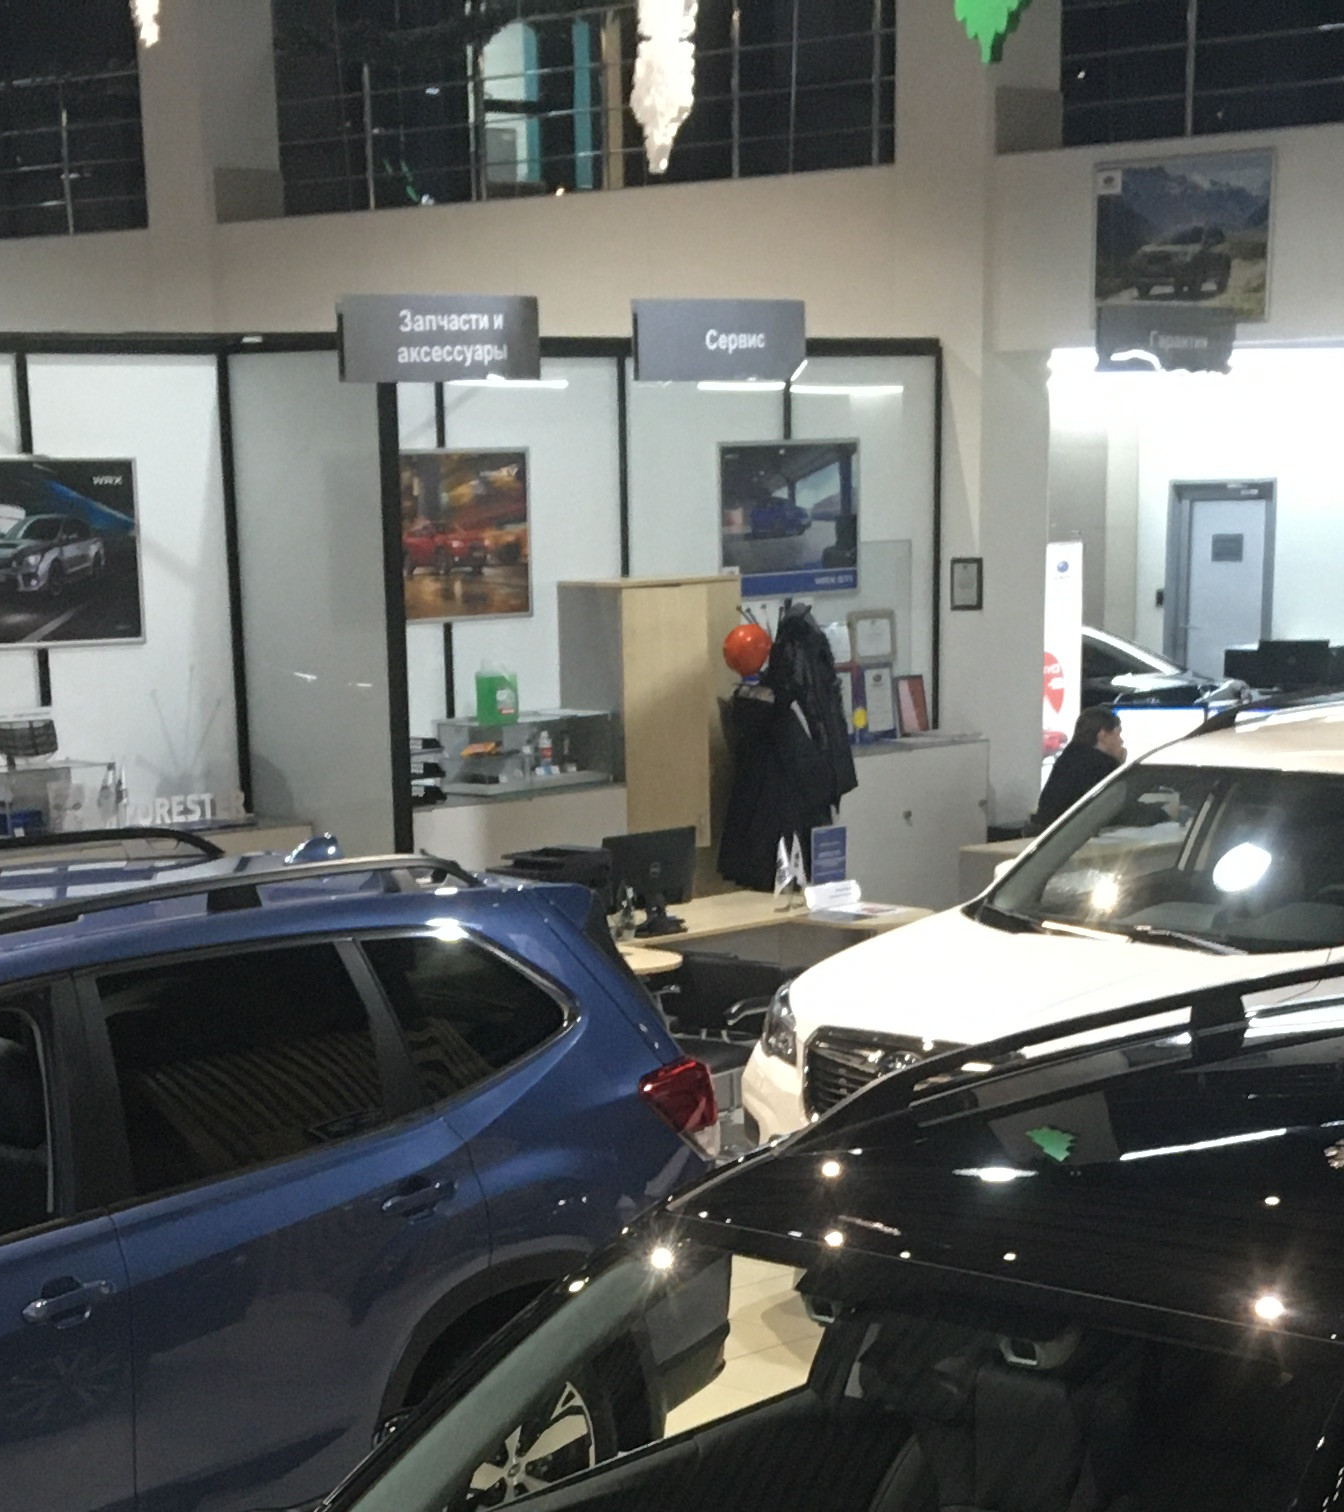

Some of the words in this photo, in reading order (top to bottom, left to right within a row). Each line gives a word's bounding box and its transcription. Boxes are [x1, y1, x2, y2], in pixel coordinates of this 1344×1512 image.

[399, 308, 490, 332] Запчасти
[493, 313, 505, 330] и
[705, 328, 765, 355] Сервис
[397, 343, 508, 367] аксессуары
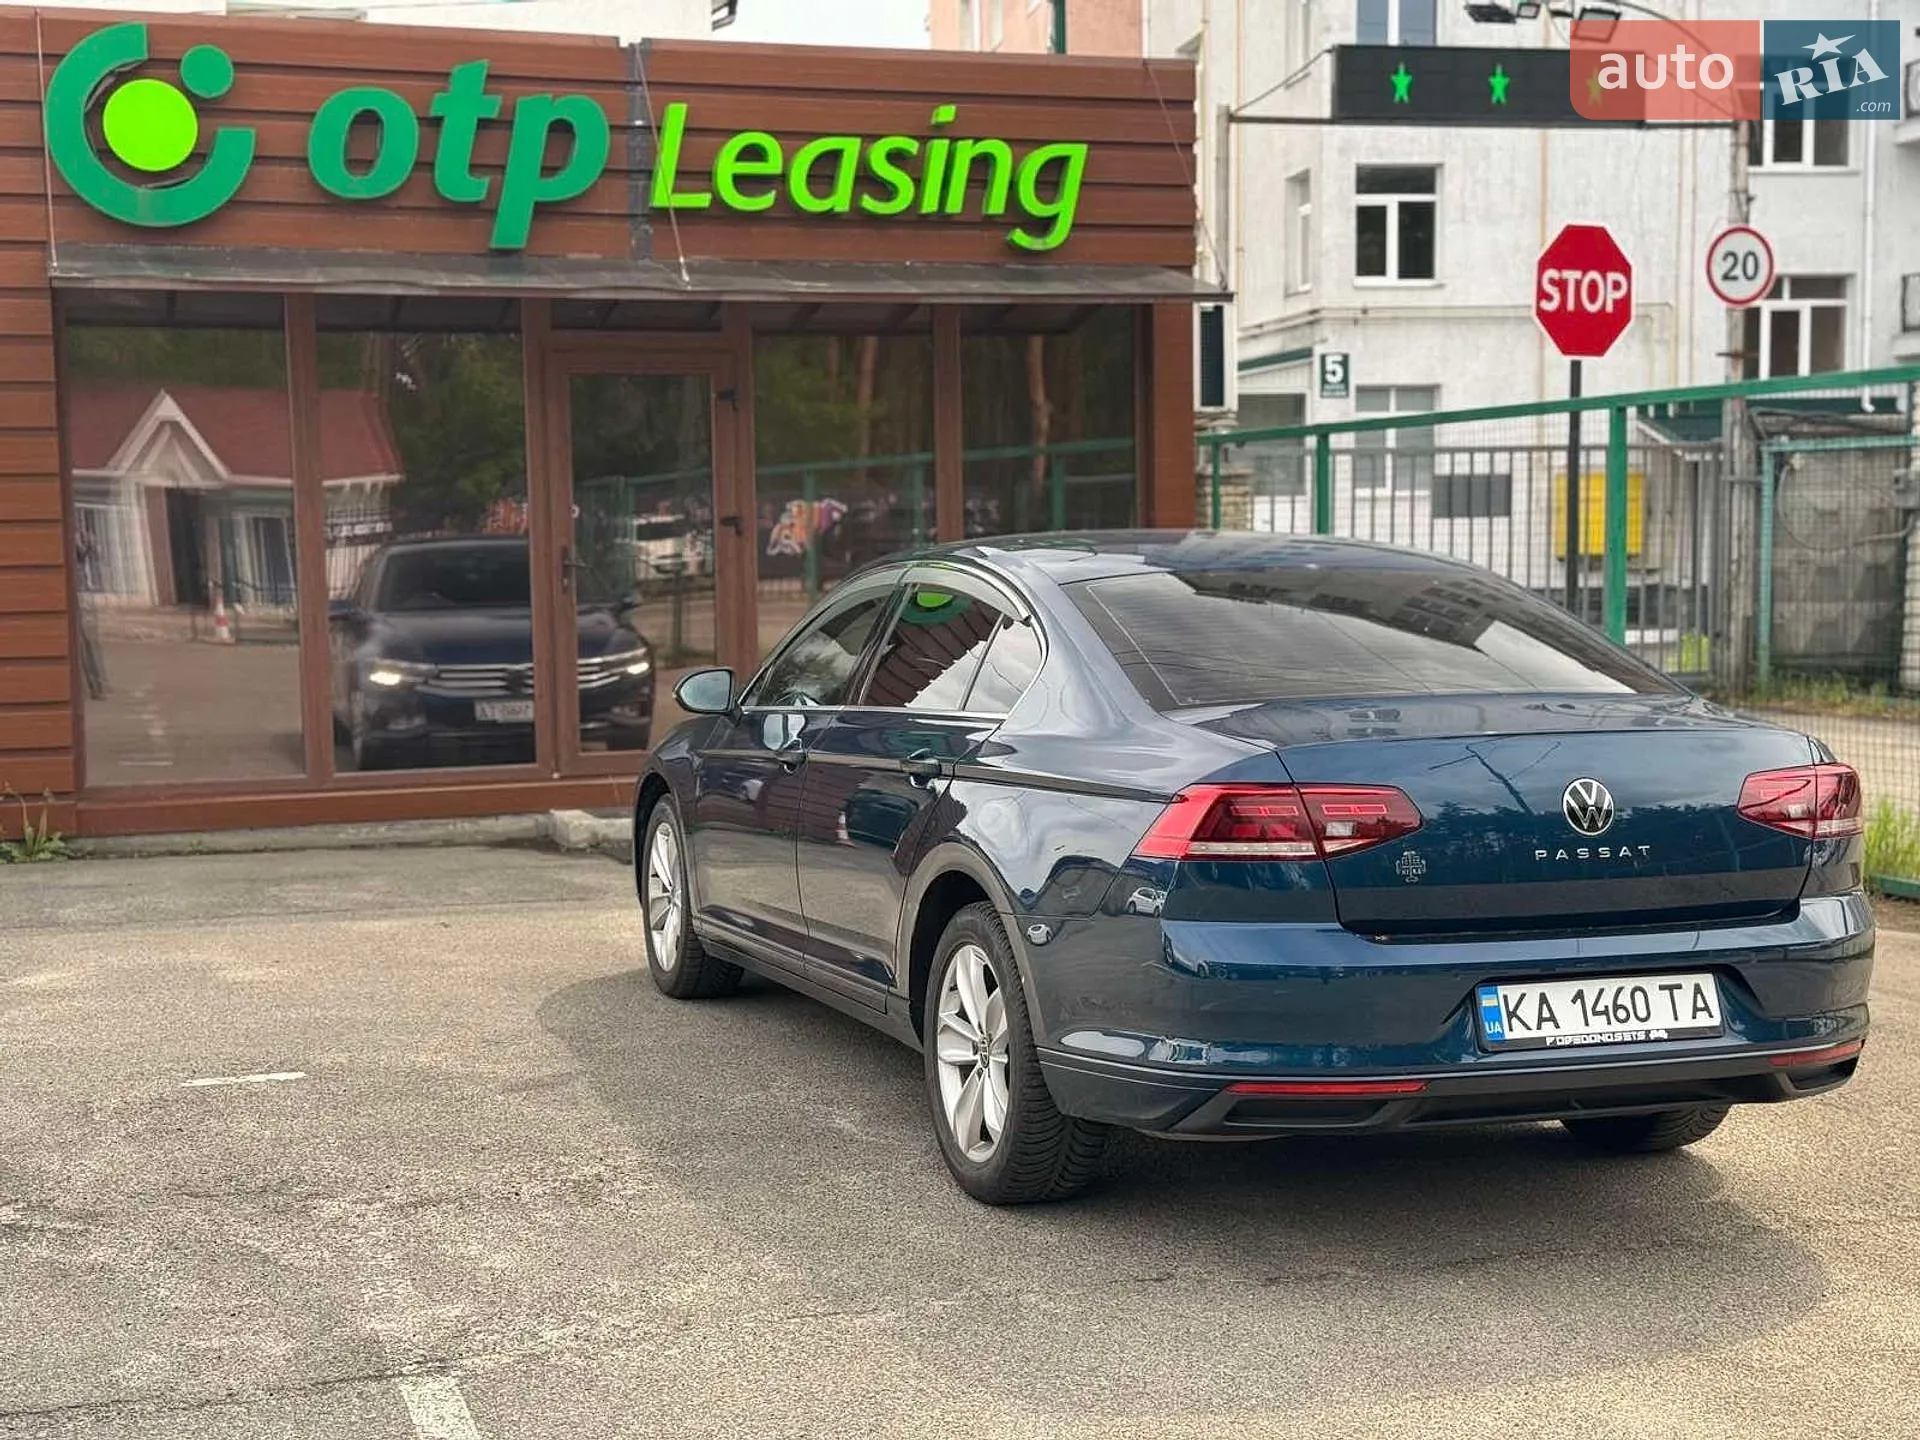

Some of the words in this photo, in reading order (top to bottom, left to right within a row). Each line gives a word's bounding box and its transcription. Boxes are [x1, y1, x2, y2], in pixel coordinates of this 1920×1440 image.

---

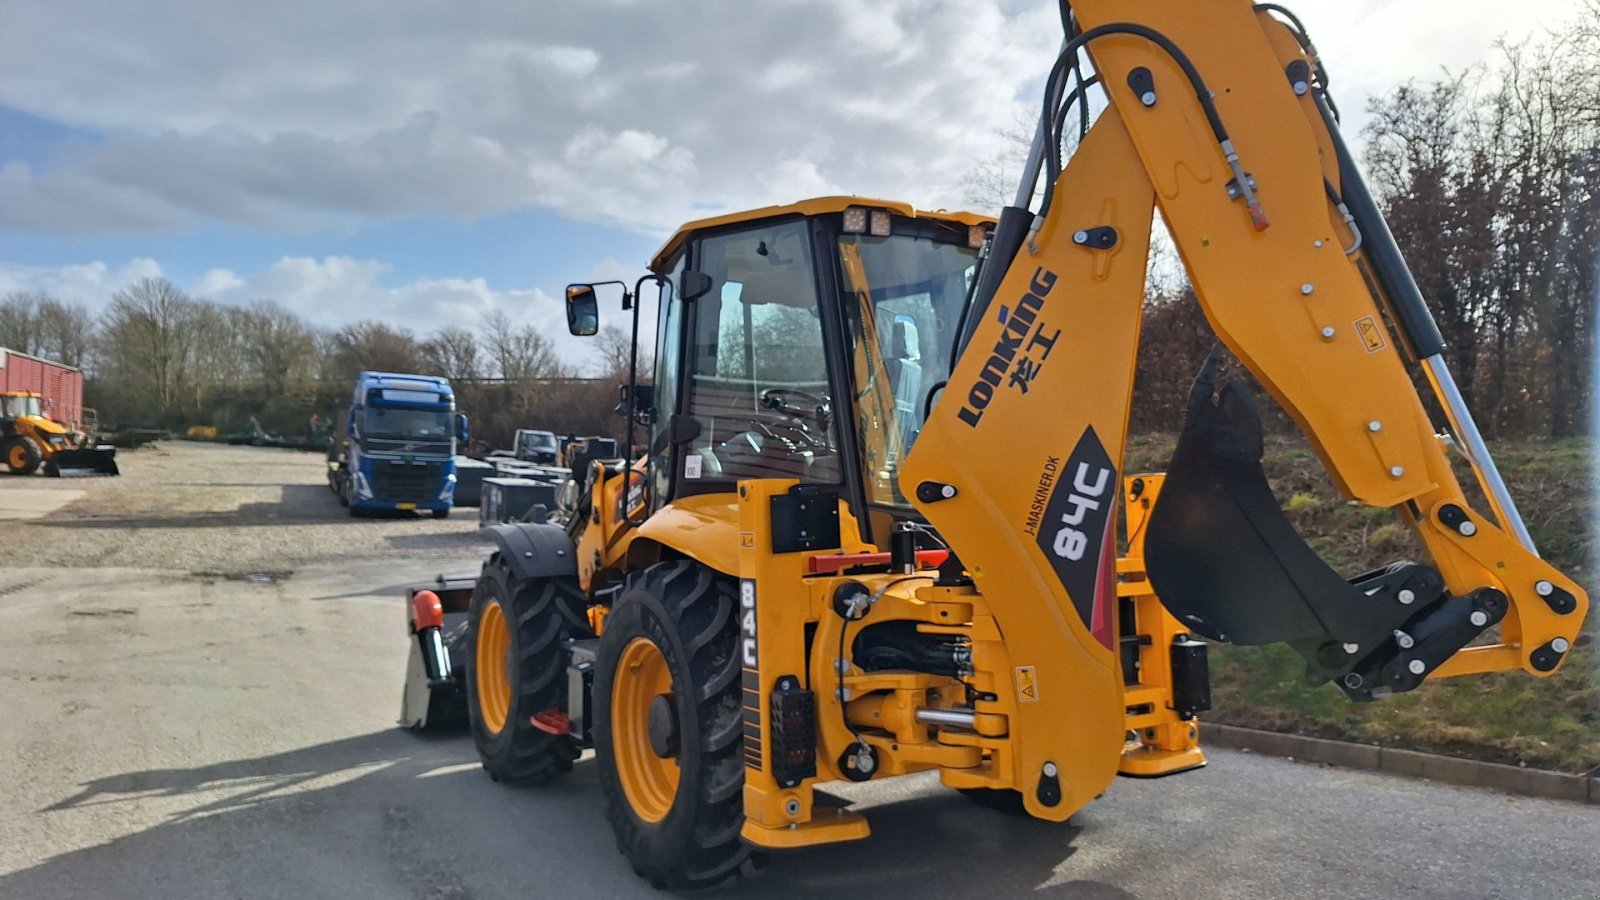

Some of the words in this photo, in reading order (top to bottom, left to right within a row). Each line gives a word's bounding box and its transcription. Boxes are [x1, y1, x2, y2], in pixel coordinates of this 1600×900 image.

==

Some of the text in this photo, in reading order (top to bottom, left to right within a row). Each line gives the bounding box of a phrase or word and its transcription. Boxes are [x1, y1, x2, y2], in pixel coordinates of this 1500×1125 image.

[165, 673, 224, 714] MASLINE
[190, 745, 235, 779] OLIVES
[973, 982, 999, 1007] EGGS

WHAT THE EXERCISE ASKS: What you return must match the lines above from the one with "this 1344×1512 image." through the one with "this 1920×1440 image." exactly, with both ends included and the pictures excluded.

ANSWER BELOW:
Some of the words in this photo, in reading order (top to bottom, left to right within a row). Each line gives a word's bounding box and its transcription. Boxes are [x1, y1, x2, y2], in pixel coordinates of this 1344×1512 image.

[399, 308, 490, 332] Запчасти
[493, 313, 505, 330] и
[705, 328, 765, 355] Сервис
[397, 343, 508, 367] аксессуары

Some of the words in this photo, in reading order (top to bottom, left to right within a row). Each line gives a word's bounding box and its transcription. Boxes are [x1, y1, x2, y2], in pixel coordinates of this 1920×1440 image.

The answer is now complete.